Clinical Implications Unclear

Dr Reneman said these findings are consistent with the effects of neurochemical imprinting seen in studies on animals, in which administration of a drug when the animal's brain is still developing induces long-lasting and potentially permanent effects after the drug is withdrawn, whereas in adult animals, the effects are only "accommodated."

"However, the neurochemical imprinting theory also states that the effects are only fully expressed once the system is fully matured, typically during early adulthood," Dr Reneman told Medscape Medical News.

"So for now, we can't really say what the long-term effects are either on cerebral blood flow or clinical improvement. It is possible that the neurobiological effects precede the behavioral effects.

"We do not know if these lasting alterations persist for weeks, months or even years; thus, the clinical implications of methylphenidate altering the developing DAergic system are still unclear," she added.

The few other studies on the long-term effects of ADHD medication show conflicting results, the authors note. The Multimodal Treatment Study of Children With ADHD, for instance, found that 6 years after enrollment in the trial, medical management was associated with a transient increase in the prevalence of anxiety and depression.

And although one cohort study showed adult ADHD to be associated with a high rate of substance abuse, another showed that treatment with ADHD simulant medication in childhood may decrease this risk in later life.

The fact that ADHD diagnoses have sharply increased in recent years raises the added concern that some patients who are being treated with methylphenidate may not even be correctly diagnosed, said Dr Reneman.

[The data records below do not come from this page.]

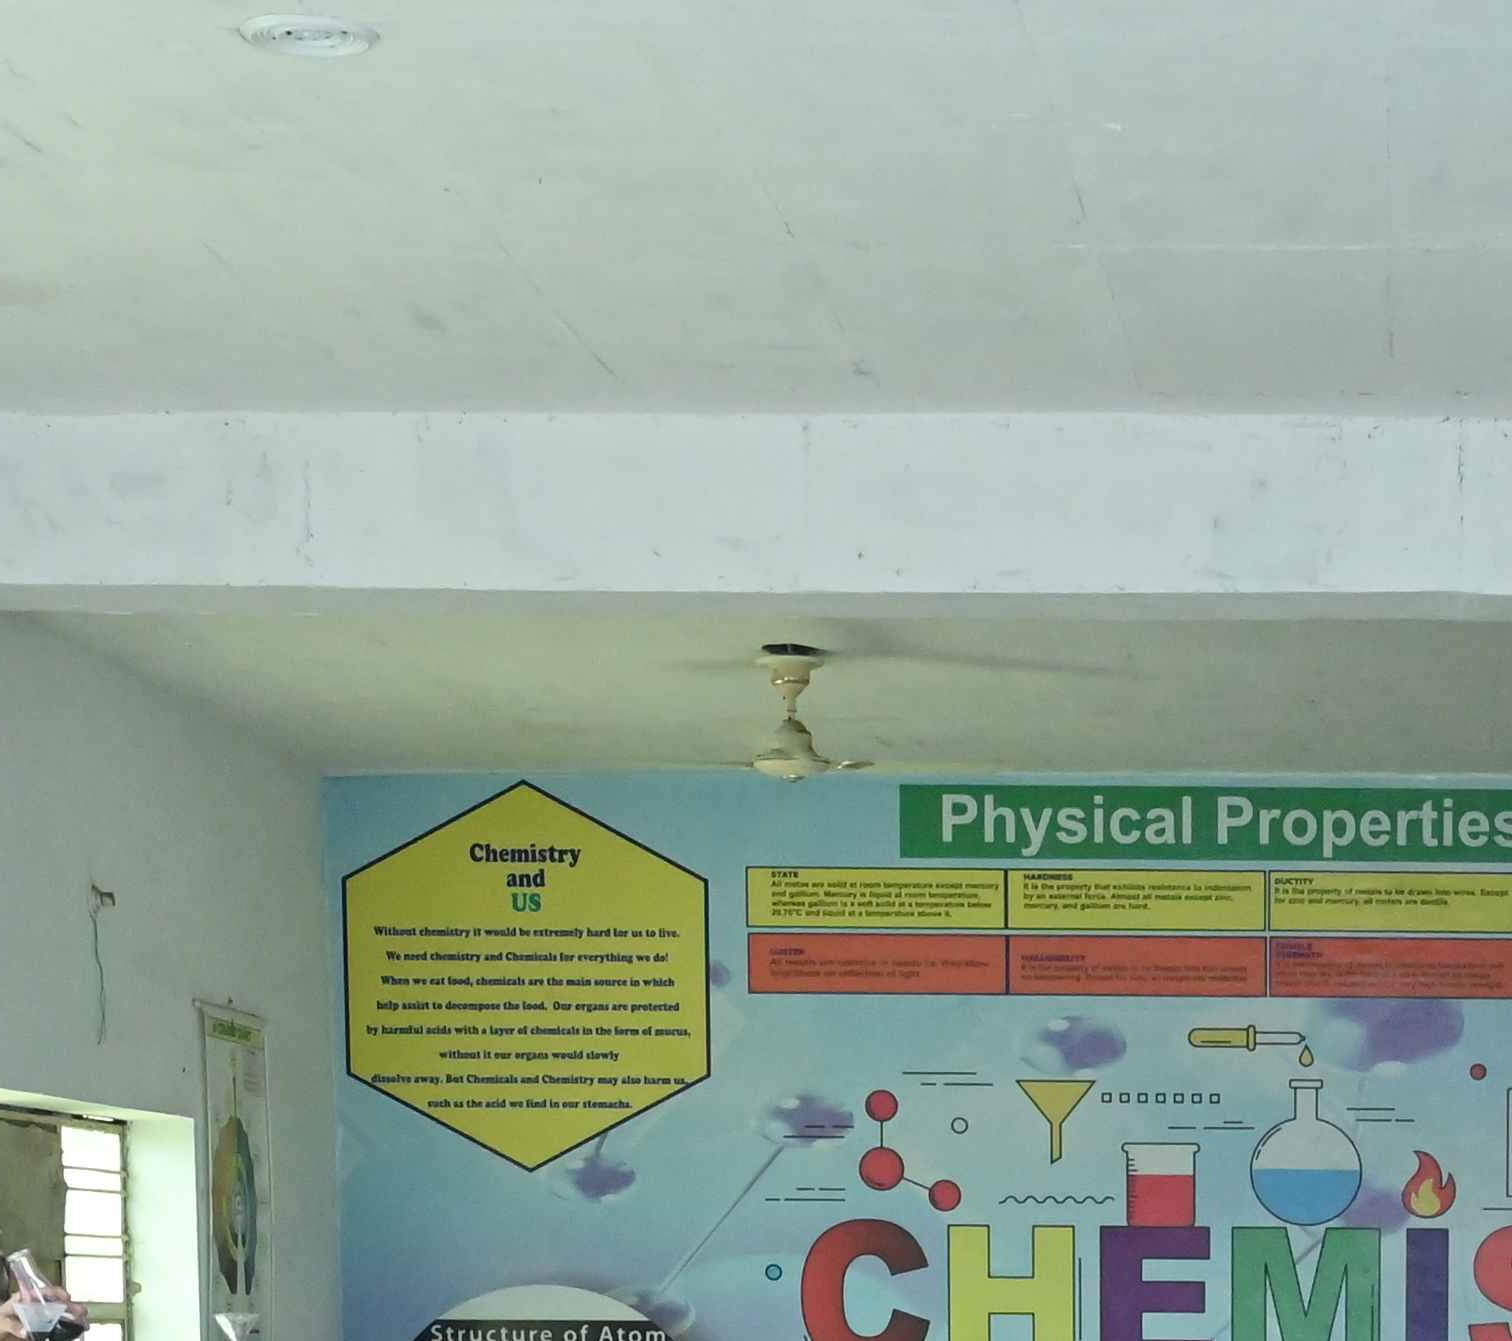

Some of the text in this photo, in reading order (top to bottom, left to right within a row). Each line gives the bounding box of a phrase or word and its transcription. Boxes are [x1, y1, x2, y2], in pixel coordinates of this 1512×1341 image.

[941, 794, 1192, 857] Physical
[469, 843, 581, 867] Chemistry
[506, 868, 546, 888] and
[511, 892, 541, 912] US
[374, 926, 416, 936] Without
[419, 926, 470, 938] chemistry
[484, 927, 516, 936] would
[518, 927, 530, 936] be
[533, 927, 584, 939] extremely
[586, 927, 610, 937] hard
[613, 927, 628, 937] for
[645, 929, 656, 937] to
[386, 951, 401, 960] We
[404, 951, 427, 961] need
[430, 952, 481, 962] chemistry
[484, 952, 502, 961] and
[505, 951, 557, 961] Chemicals
[559, 952, 575, 962] for
[380, 975, 409, 985] When
[429, 977, 445, 985] eat
[476, 976, 525, 985] chemicals
[528, 978, 544, 986] are
[546, 976, 563, 986] the
[566, 977, 591, 986] main
[630, 977, 640, 987] in
[642, 977, 674, 986] which
[376, 1000, 399, 1011] help
[445, 1000, 500, 1012] decompose
[503, 1000, 520, 1010] the
[552, 1001, 572, 1010] Our
[574, 1003, 609, 1013] organs
[630, 1002, 679, 1013] protected
[366, 1025, 378, 1036] by
[426, 1025, 451, 1034] acids
[454, 1025, 479, 1034] with
[517, 1025, 528, 1035] of
[530, 1025, 580, 1035] chemicals
[582, 1026, 592, 1035] in
[595, 1026, 612, 1035] the
[641, 1026, 652, 1036] of
[439, 1049, 480, 1059] without
[514, 1052, 548, 1061] organs
[551, 1050, 583, 1059] would
[446, 1073, 464, 1083] But
[466, 1074, 518, 1084] Chemicals
[520, 1075, 539, 1084] and
[541, 1074, 594, 1086] Chemistry
[597, 1077, 618, 1086] may
[644, 1075, 671, 1084] harm

"Our results call for a tighter regulation of ADHD diagnoses and more careful patient selection, as an increasing number of children are being treated with methylphenidate."

Unanswered Questions

Mark A. Stein, PhD, professor of psychiatry and behavioral medicine at the University of Washington and director of the PEARL Clinic and ADHD/Related Disorders Program at Seattle Children's Hospital, in Washington, agreed that the findings leave unanswered questions in terms of clinical implications.

"It is unclear if slight changes in cerebral blood flow in certain brain regions are clinically significant, since improvement does not persist after medications are discontinued," he told Medscape Medical News.

He speculated that the differences in clinical improvement may relate to adults' ability to express their improvement.

"Perhaps after several months of stimulant treatment and improvement, adults may differ in their ability to develop compensatory skills and perceive lasting improvement when things are going well and that affects their self-report of improvement, unlike children."

Dr Stein noted similar challenges with regard to previous studies of the differing effects of ADHD drugs on children and adults.

"It has been demonstrated in meta-analyses that that are larger effects of stimulants on ADHD symptoms in children than in adults, although this is confounded by measurement issues ― that is, parent and teacher ratings are used for children, and self-ratings are frequently used in adults."

The study received funding from the Academic Medical Center, University of Amsterdam, and by a grant from the European Research Area Network Priority Medicines for Children (Sixth Framework Programme). Study coauthor Wiro J. Niessen, PhD, is cofounder, shareholder, and part-time scientific officer of Quantib BV. No other authors have disclosed any relevant financial relationships. Dr Stein is a consultant to Shire and Alcobra Pharmaceuticals and has received research support from Ironshore, Pfizer, and Shire.